You can't have wasted *too* much of your time on it, though, since if you did you would have read my statement "That’s why I wrote this piece completely from my perspective, from the curious photographer, wondering if I need just a little more reach. " Which is obviously not your position. I've never used a 300mm lens or a greater focal length, neither have many others, so I wrote it the only way I could, which is from my perspective.

A waste of time for an accomplished, well seasoned photographer whose used every lens ever made? Yeah, absolutely.

Your constructive note about it weighing less than a 400, 500 or 600 is appreciated though. Unlike your opening statement, I found that point useful.


----------



## JVLphoto (May 16, 2013)

risc32 said:


> i agree with alan.
> Also, i take issue with the reviewer's comments about the unflattering nature headshots taken with this lens. either i didn't read it correctly, and i might not of as i started to space out and skip over the boring stuff, or he is saying it's not good for head shots. if that's what he's saying, i really have to call BS. either he doesn't get that perspective isn't based on what lens, but on distances, or ....? or i don't know..... he likes big noses, and little ears.
> but maybe i'm silly, if you've got some examples of how a 300mm lens makes for crappy headshots i'd like to take a look.
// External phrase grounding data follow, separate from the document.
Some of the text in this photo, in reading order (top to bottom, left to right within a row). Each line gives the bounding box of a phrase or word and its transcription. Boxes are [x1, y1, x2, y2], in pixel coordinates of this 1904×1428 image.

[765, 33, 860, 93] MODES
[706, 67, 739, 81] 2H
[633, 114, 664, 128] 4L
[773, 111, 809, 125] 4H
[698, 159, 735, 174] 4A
Maybe I wrote it wrong, so I present a headshot taken (of me). See how the compression just flattens my head SO MUCH that it looks wide and distended? I'd be hard pressed to find someone going for *that* look. While shooting super telephoto may not be my strong suit, I do like to think I know a thing or two about portraits, what my clients like, and what gets published, by now.
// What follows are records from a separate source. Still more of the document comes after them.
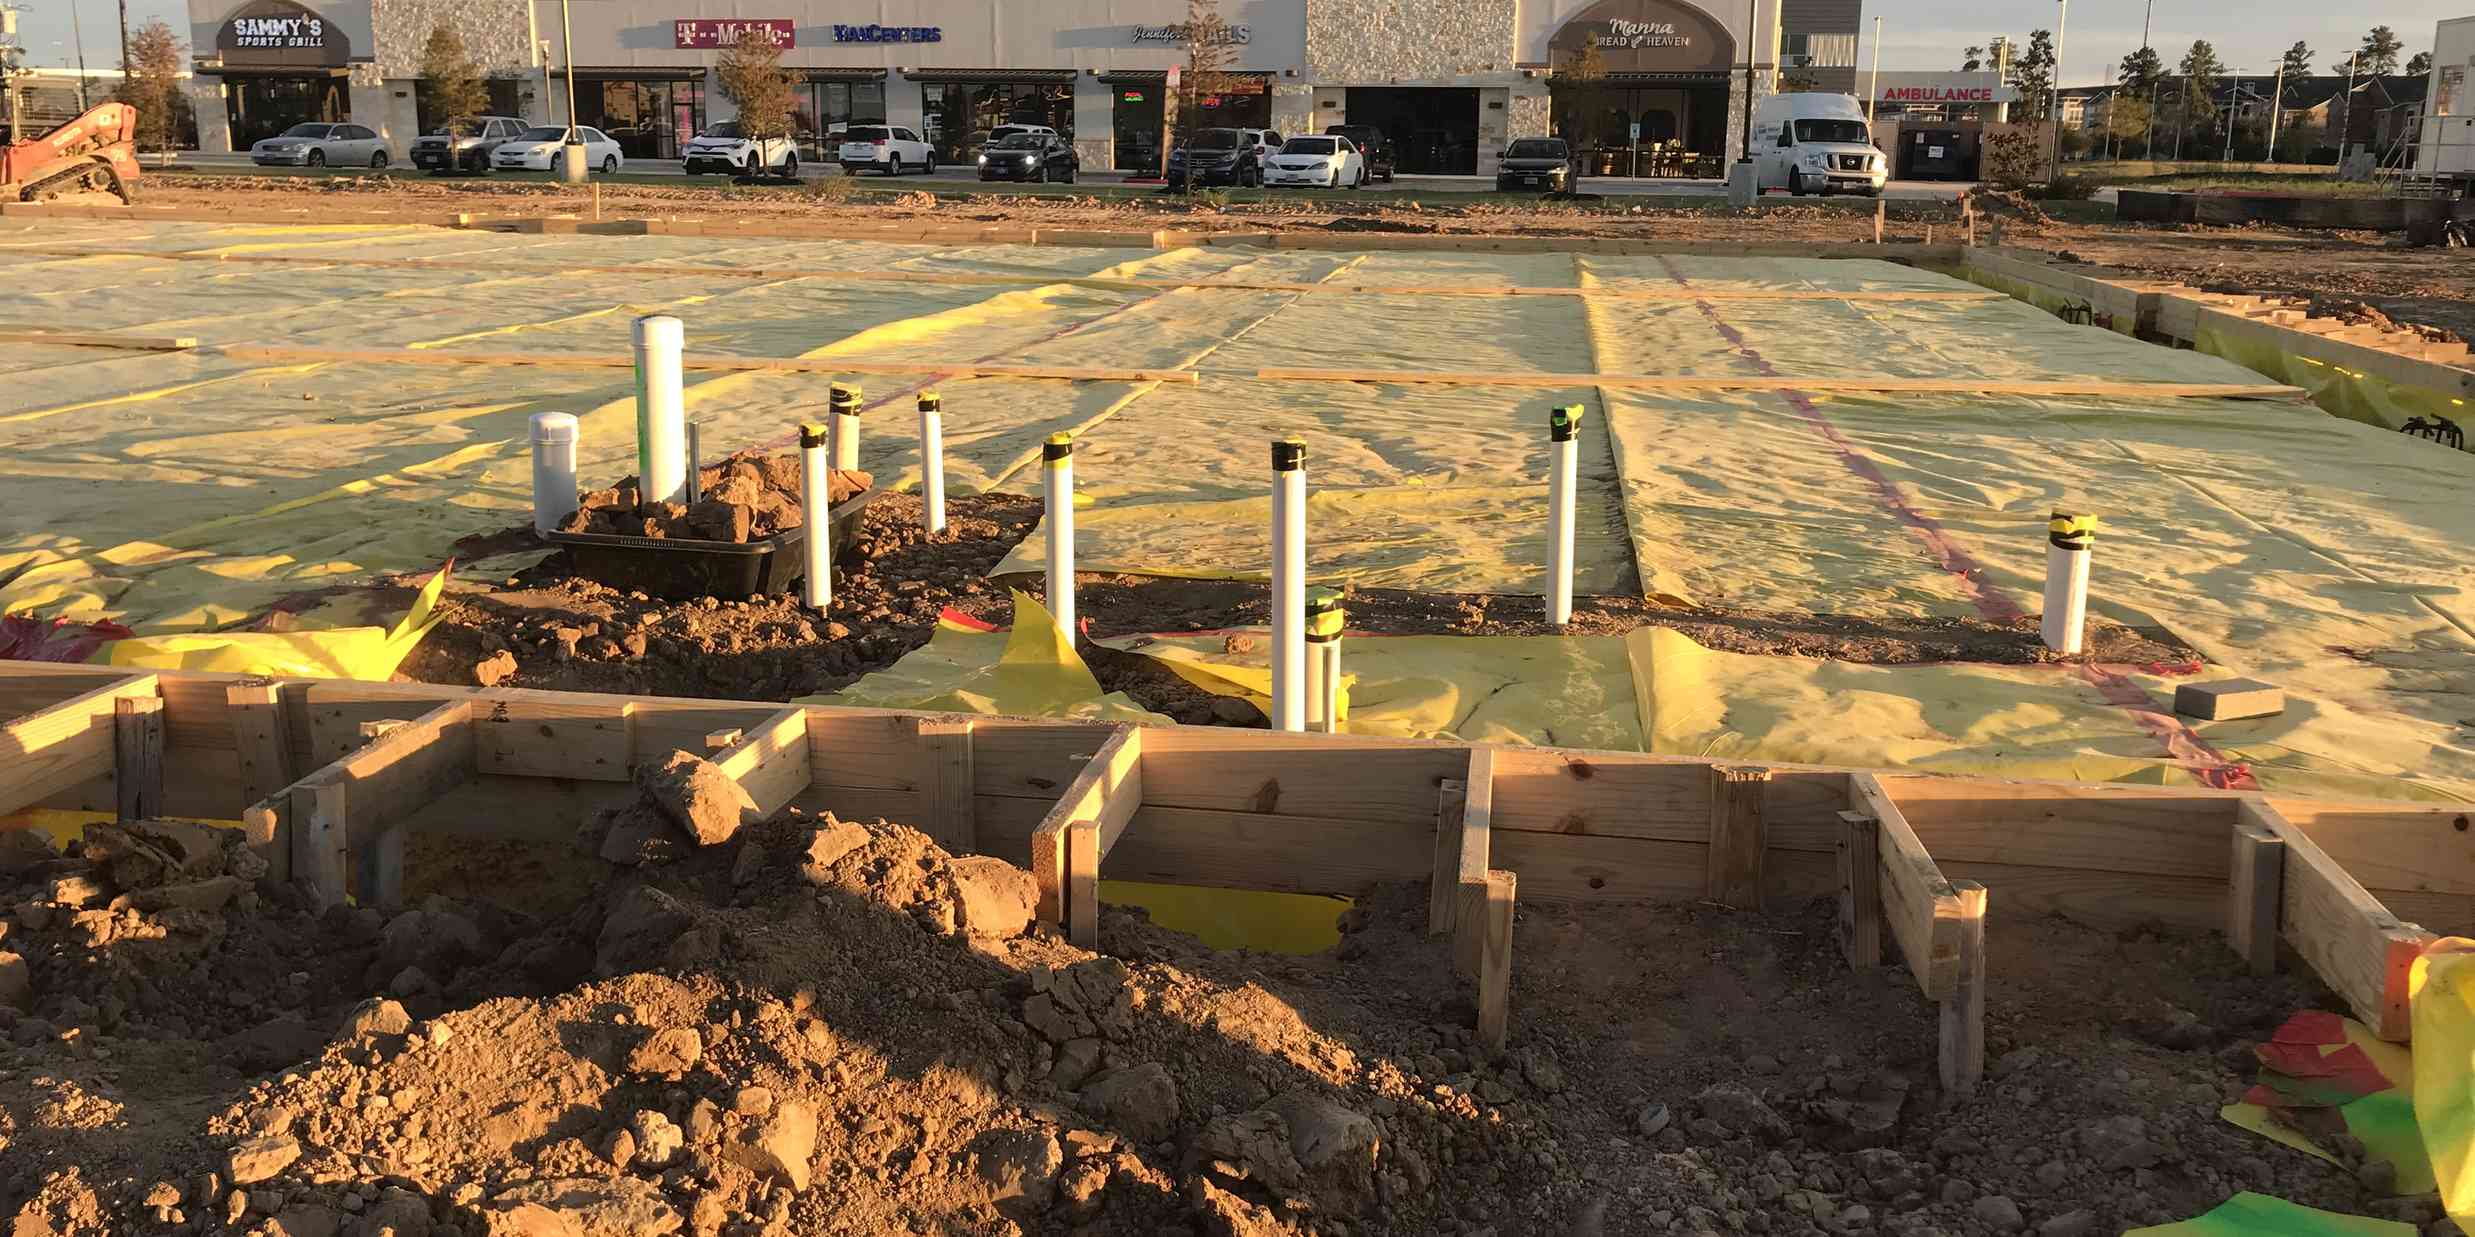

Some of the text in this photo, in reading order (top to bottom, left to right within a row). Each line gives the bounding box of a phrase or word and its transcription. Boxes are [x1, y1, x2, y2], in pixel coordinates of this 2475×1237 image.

[234, 13, 322, 36] SAMMY'S
[1610, 18, 1674, 36] Manna
[237, 37, 323, 46] SPORTS GRILL
[1647, 36, 1690, 47] HEAVEN
[1884, 87, 1993, 101] AMBULANCE
And no, I don't like big noses and little ears, but there's a flattering "sweet spot" for head-shots that I hope we can agree is somewhere above 24mm and below 300mm.

Now pulled back a bit the photos make more sense. Maybe a 1/4 profile or "bust" shot works, but at that 2m minimum focusing distance I'll pass.


----------



## JVLphoto (May 16, 2013)

I also have this photo of my son, which is from a bit farther back than 2 meters, it's not as bad as my face (after all, it was *my* face), but his ears now have become bigger than they need to be since they're completely flattened to the frame. Of course it's a bit exaggerated by his head being turned sideways, but my point is that this is NOT a portrait lens, not for the price, not for the weight, with the exception of full-body environmental portraits like I did of the young lady in the Sens jersey.


----------



## JVLphoto (May 16, 2013)

It also made my bunny look extra fat at close range.


----------



## AprilForever (May 16, 2013)

"Cons

Potential gateway lens leading to even longer lenses that cost even more crazy amounts of money"

Indeed, this gateway drug is about to be the ruin of me, as I spy out the 600 F4...


----------



## JVLphoto (May 16, 2013)

AprilForever said:


> "Cons
> 
> Potential gateway lens leading to even longer lenses that cost even more crazy amounts of money"
> 
> Indeed, this gateway drug is about to be the ruin of me, as I spy out the 600 F4...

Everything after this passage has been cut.